季節ごとの風の色

本編の前にお知らせです。

「とまとの呟き」の姉妹版・小説を書いています。

「とまと文学部」で今は「裸の王子様」という短編を書いています。

tomatoma-tomato77.hatenablog.jp

バナーの文字「とまと文学部」をクリックすると小説のページに飛べますよ。

よろしくお願いします

 

~ここから本編~

 

今日の札幌、雨が降り寒いくらいです。

雨が降るたびごとに秋が近づいてくるんですよね。

 

雨も季節の移ろいを表すものですが、季節の移り変わりを表すものは風です。

風の匂いが違ってくる時、季節はその次の季節に移り変わっていきます。

 

風の匂いと季節の移ろいと言えば、父が死んだ時のことを思い出します。

父はお盆が終わってすぐの頃に死んでしまいました。

 

数年以上、癌の治療をしていましたから、死んだ時は正直ホッとしました。

手術を受けて障害が残る体になっていて、苦しい治療から解放されたと思うとホッとしました。

 

北海道はお盆が過ぎれば夏の終わりです。

一気に秋らしくなりますね。

 

季節が移り変わる時、人間も自然の一部ですから生まれたり死んだり、変化があるものです。

 

お盆が過ぎれば北海道は秋。

父はそういう時に死にました。

 

父が死んだ日、不思議なことがありました。

 

その日の早朝から父は危篤状態だったのですが、私が病院に駆けつけて少し経つと、父の容体は安定したのです。

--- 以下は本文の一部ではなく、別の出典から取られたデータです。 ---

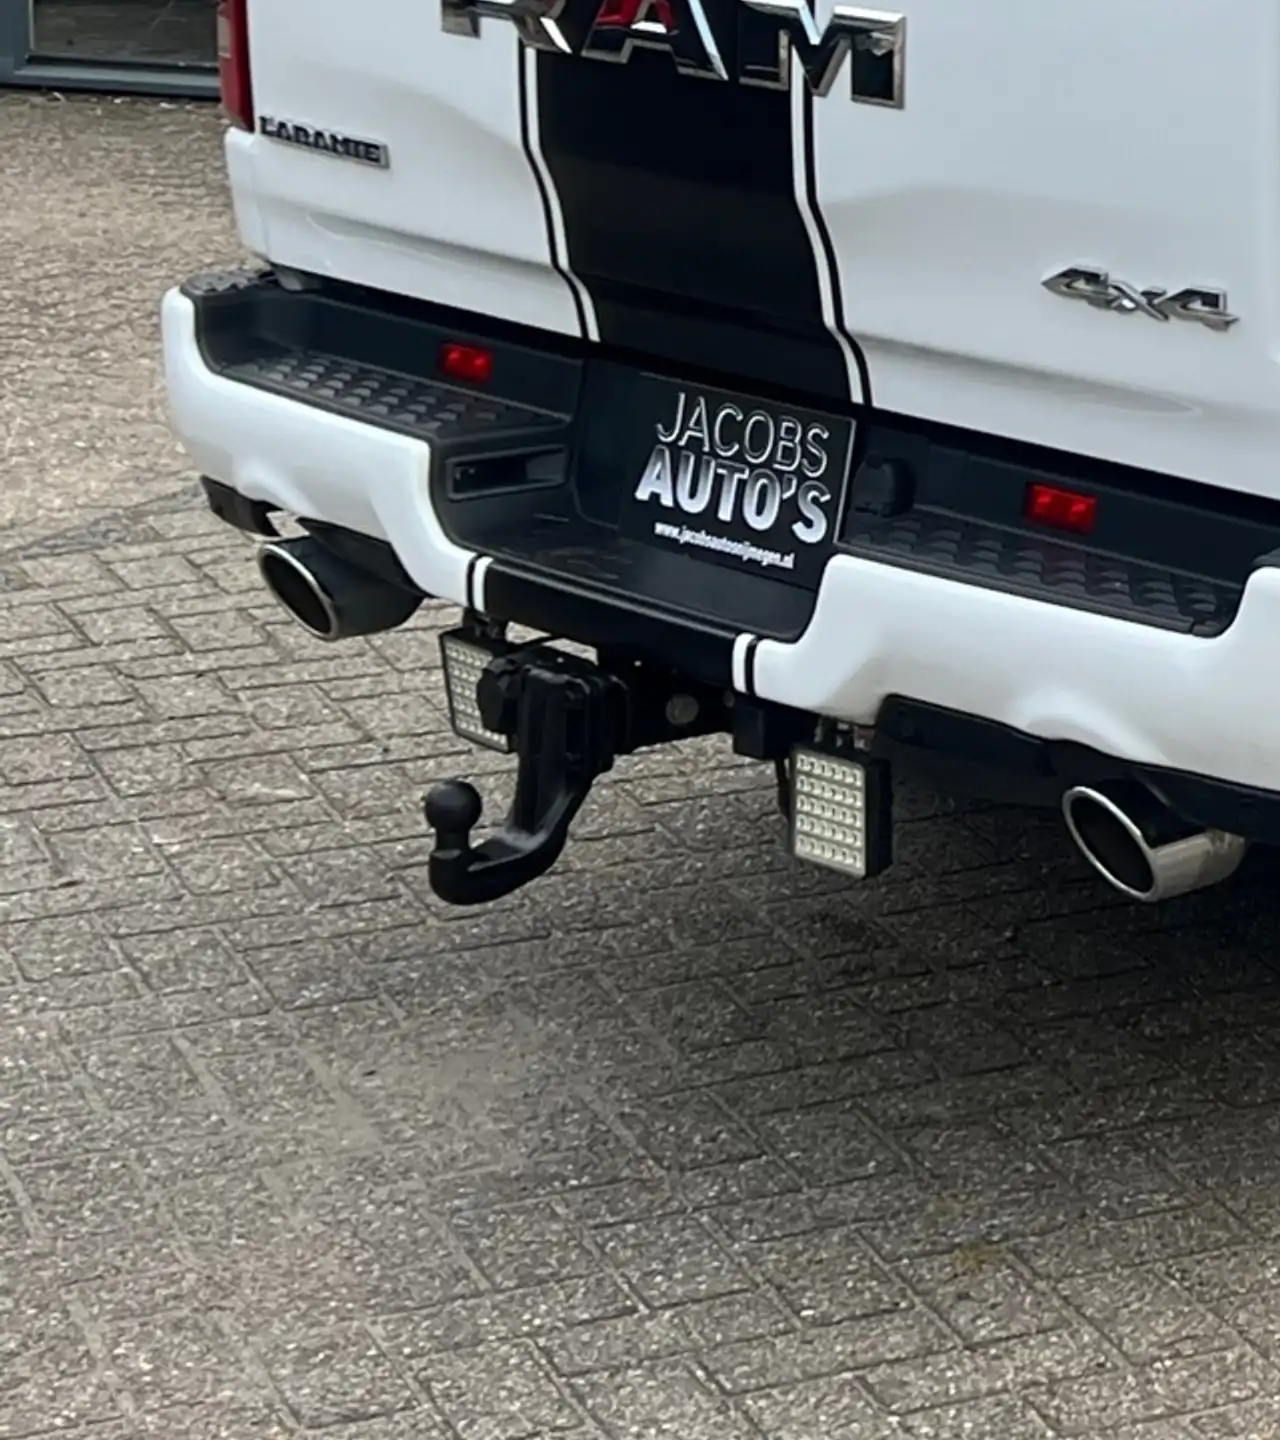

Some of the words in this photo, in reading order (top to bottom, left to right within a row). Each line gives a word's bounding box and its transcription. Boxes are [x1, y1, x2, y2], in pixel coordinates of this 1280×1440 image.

[259, 116, 387, 167] LARAMIE
[655, 391, 830, 478] JACOBS
[634, 444, 832, 544] AUTO'S

もう少し持ちこたえてくれそうだと思った私は、散歩に出ました。

一日24時間、つきっきりというのも疲れますし、精神衛生上よくありません。

 

私は病院から少し離れたところまでてくてく歩いていました。

その日は残暑が厳しく、朝から陽が照りつけていました。

 

私は残暑を楽しみ、去り行く夏を名残惜しく思いながら散歩をしていたのですが、その時風向きが急に変わったのです。

風向きだけではなく、風の手ごたえも変わりました。

 

そよ風のような優しい風は急に冷たい強風に変わったのです。

雨も降ってきそうだったので、私は急いで父が入院している病院に戻りました。

スマホはない時代だったので、父の急変を知らせてくれるものはなかったのです。

 

私が急いで父の病室に戻ると、持ち直していた父は瀕死になっていました。

担当医や看護師さんが病室に入ってきてすぐに父は死んでしまいました。

 

私はその時思ったのです。

散歩中、急に風向きが変わり、冷たくなったのは父が私を呼んでいたのだと思ったのです。

 

人が死ぬ時、天気までもが変わるのかと不思議な気持ちになりました。

暖かい風は冷たい風に変わり、そよ風は突風になる。

 

人間も自然の一部ですから、その生死は季節の移り変わりそのものです。

風の色が変わる時、季節が移り変わり、一人の人間の一生が終わる。

 

毎年、夏の終わりになり、風の匂い、風の色合いが変わる時、父が死んだあの夏の日を思い出します。

 

これから夏から秋、秋から冬へと季節が移っていく時、風の色は季節ごとの色に変わっていくことでしょう。

 

季節の変わり目の雨の後、空気の匂いは変わります。

風の色も変わります。

 

風の色は見えないようでいて、見えるものですよね。

風の色を感じ、楽しめる目はなくしてはならないのです。

 

この世は数字と科学だけではなく、人間が持つ感覚にも支配されるものなのです。